August 11, 2023

Thought Leadership Series: Here’s How to Actually Develop a Two-Way Relationship With Your Data

Thought Leadership Series: Here’s How to Actually Develop a Two-Way Relationship With Your Data

Crunchtime is an operations management software platform for the restaurant and food-services industries used in over 100,000 locations in more than 100 countries. The software is used for inventory management, staff scheduling, learning and development, food safety, operational tasks, and audits. Their top-line goal is using data to make decisions not only faster, but also smarter—all of which starts with a two-way relationship with data.

Director of Analytics Adam Armagost sat down with Sigma to talk through how they use a two-way relationship with data. 

Sigma: How does data analytics work at Crunchtime right now? 

The big outcome that our analytics team is driving towards is fast, profitable decisions without our customers waiting on us—or our processes. Our customers want—and need—the ability to drive change quickly and efficiently. The nature of the industry we're dealing with is complicated and nuanced. Data should be leveraged to test and validate assumptions or hypotheses by our customers in order to drive the best possible outcome, and our goal is providing that mechanism in the easiest, fastest, and most consistent way.

The standard operating procedure for the restaurant industry has been very reactive. The vast majority of our customer base is used to a more analog way of tracking data. I’m talking about things like pen and paper to track restaurant timing and inventory. If we can take our customers’ ability from being reactive in addressing issues they know or think exist to a more proactive manner, that means we're providing the right results. It’s not just about delivering data, it’s about delivering insights. We have data on all of the primary cost drivers for our customers.

How does working in analytics for restaurant operators tie up to bigger-level problems? 

One of the biggest challenges we’re trying to solve is food waste. People don’t realize how much dine-in and carryout restaurants are trying to tackle this problem and be more efficient. Nobody wants to throw food away. The latest numbers are that something like 22-33 billion pounds of food must be tossed every year in our dine-in/carry-out experiences just in the U.S. So having actionable data there is one of the most important things we’re doing. 

How does a two-way relationship with data help companies like yours make decisions faster? 

Analytics can sometimes be viewed as almost modern-day black magic. Where you give us, the analytics team, data—and we give you answers. But that shouldn’t ever be the case, right? Analytics should be treated as a partnership with the customer (or end users) of the outcome we are helping solve for. Our customers have a lifetime of experiences, ideas, heuristics, and processes that we can and should leverage to solve challenges that are important to them. This also benefits our time to insights as it allows us to focus on testing and validating things they're already doing, vs. fishing for answers in vast seas of data.
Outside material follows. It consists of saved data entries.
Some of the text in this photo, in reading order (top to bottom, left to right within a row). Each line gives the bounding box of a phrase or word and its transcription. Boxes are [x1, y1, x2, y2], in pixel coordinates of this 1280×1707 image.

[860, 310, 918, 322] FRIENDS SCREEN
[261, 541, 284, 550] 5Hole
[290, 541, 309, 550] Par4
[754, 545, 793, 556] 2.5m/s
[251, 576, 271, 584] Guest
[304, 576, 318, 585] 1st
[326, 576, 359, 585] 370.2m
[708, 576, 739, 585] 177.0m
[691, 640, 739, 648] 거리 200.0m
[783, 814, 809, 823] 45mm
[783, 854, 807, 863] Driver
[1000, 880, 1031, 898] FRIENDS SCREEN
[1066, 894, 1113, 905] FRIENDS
As an analytics team, if we’re asked to do something, and we go heads down for six weeks and we pop up at the end and say, “Here's this amazing analysis that we've done.” And we're not able to explain that or we haven't taken our users or our stakeholders along for that journey—they're very unlikely to actually use that, right? It's spinning our wheels to a large degree.  That's not a two-way relationship with data.
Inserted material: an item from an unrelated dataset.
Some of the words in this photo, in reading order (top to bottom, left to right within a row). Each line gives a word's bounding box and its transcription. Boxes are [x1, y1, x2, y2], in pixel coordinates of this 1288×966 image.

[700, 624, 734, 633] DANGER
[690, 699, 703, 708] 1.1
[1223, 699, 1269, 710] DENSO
How is machine learning and AI affecting your priorities? 

When it comes to business outcomes and making predictions, I could give you a model that is 90% accurate. But if I can't explain to you why the model is that accurate, and if the business user never looks at it again, that's the worst-case scenario. That's a slow march of death for any analytics program. If we are providing a prediction or a root cause to a customer, then we need to also provide our reasoning behind how we are drawing that conclusion in order to build buy-in.

How can companies move from simply having data to a two-way relationship with their data?

By focusing on solving customer outcomes first, and treating analytics as a partnership with customers. We could do all the amazing statistical findings and analysis, diagnostic modeling, and stuff like that. But if it is not fundamentally something useful for our end users, we shouldn’t be doing it.

We send task completion rates to customers, usually restaurants, so they can see over time how they're trending. But what would be more helpful for them would be: Why do we see task completion rates trend in one direction or another?

If our customer is seeing task completion rate drop, we then develop hypotheses on why that might be happening. Then we're comparing task completion rates as an outcome to different input factors. Data without context is a tough place to plan at the end of the day, because we have to be able to know the additional caveats. 

How far are we in an analytics space from being able to actually be more predictive in the sense that like a restaurant could say, I know, with 80% confidence, if I switch inventory from here to here and decrease labor from here to here, it's gonna affect revenue this much next quarter?

We could easily equate the amount of food waste in a given restaurant to dollars. If we're talking tons of inventory, we're talking hundreds of millions of dollars easily a year. So if we're able to help them save 10% of that, from an operational cost… that's massive, that's huge for them. 

And we're uniquely positioning ourselves to help do that. We've got the architecture built. That's an easier solve than going and writing a more complicated machine learning model, right? Simpler is always better in my opinion. There's a lot of untapped potential.